Several royal births have taken place at the villa, including those of Princess Sophie of Greece and Denmark on 26 June 1914, It was the birthplace of Prince Philip, Duke of Edinburgh (the husband of Queen Elizabeth II), and Princess Alexia of Greece and Denmark. Philip was born on the dining room table.

Confiscation
The villa was confiscated under controversial circumstances some years after the declaration of the Hellenic Republic in 1974. Its confiscation, and the confiscation of other property of the deposed and exiled King Constantine II, without any compensation, led to a court case in the European Court of Human Rights.

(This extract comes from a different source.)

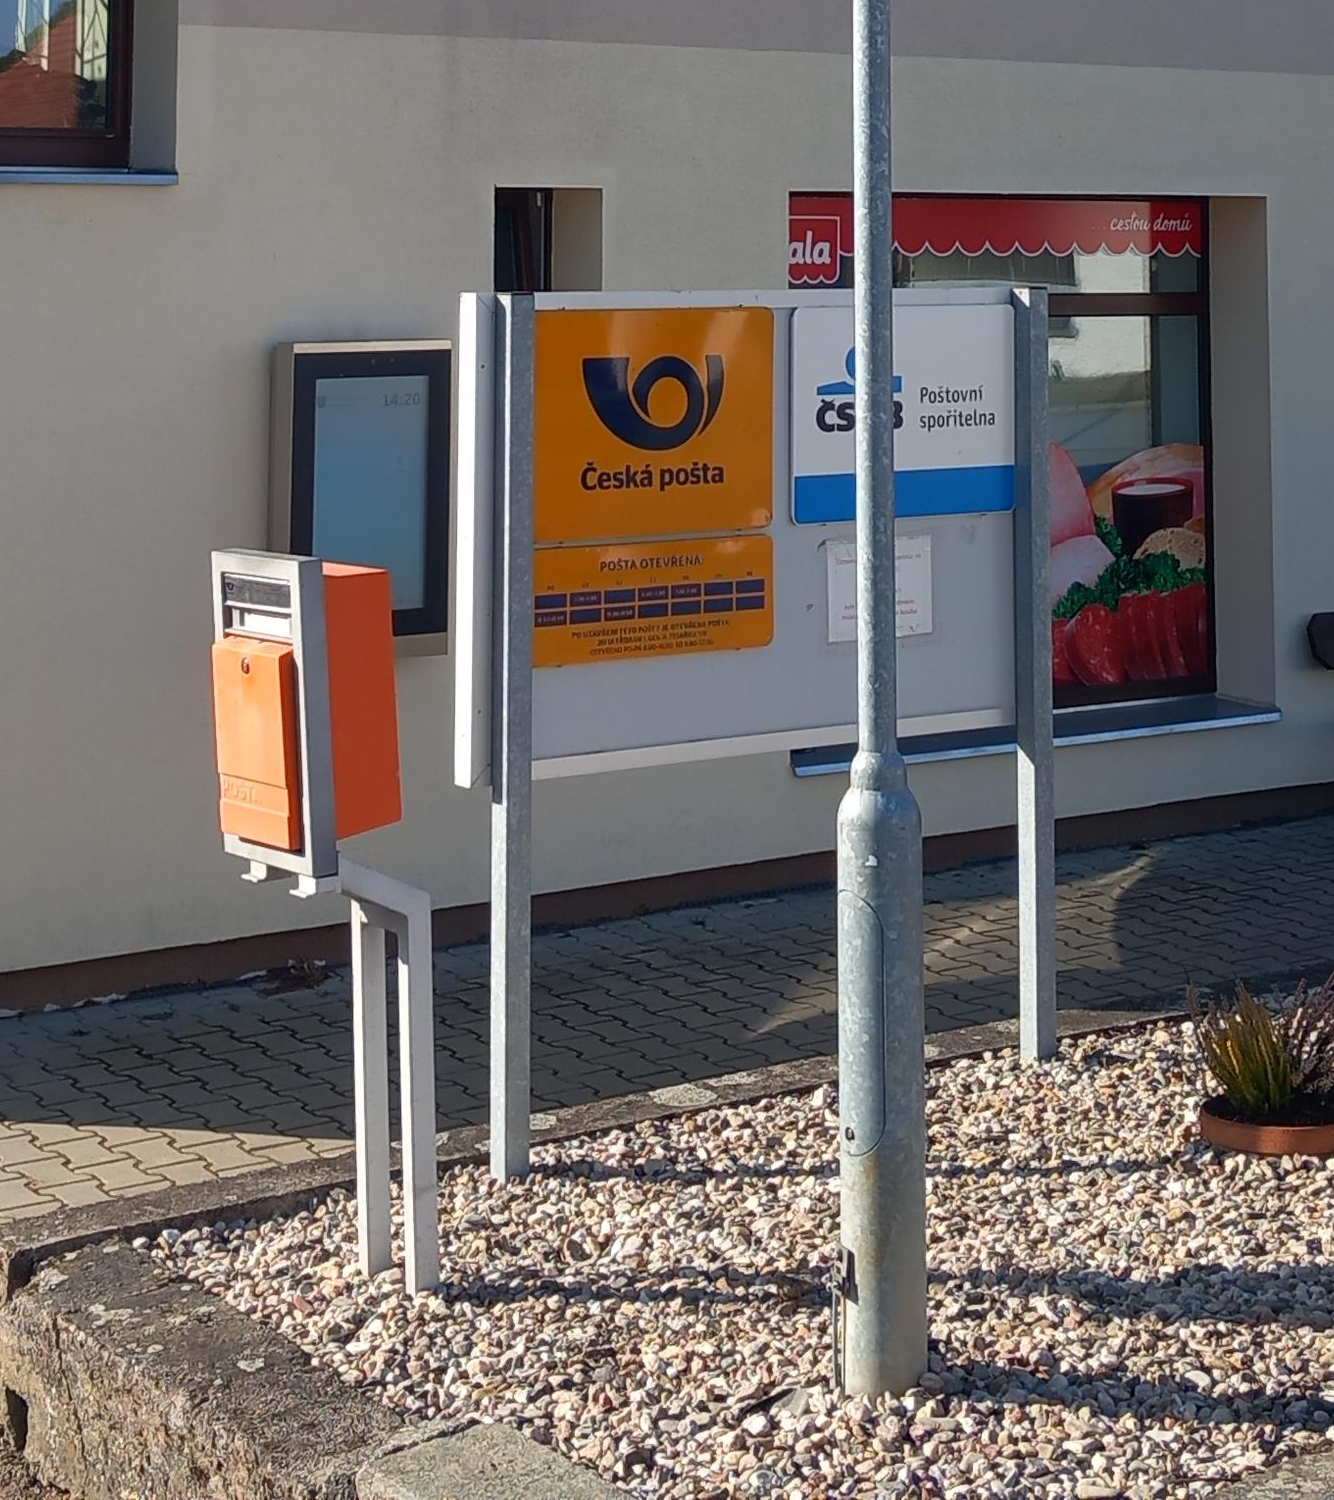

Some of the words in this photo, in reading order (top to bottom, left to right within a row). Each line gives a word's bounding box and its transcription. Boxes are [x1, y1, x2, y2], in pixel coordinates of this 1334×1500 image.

The King's argument centred on the claim that the property in question was acquired by his predecessors legally and was therefore subject to regular personal inheritance. The Greek state argued that because the property was either used by the royal family by virtue of its sovereign status or obtained by taking advantage of that status, once the monarchy was abolished, the property reverted to public ownership automatically.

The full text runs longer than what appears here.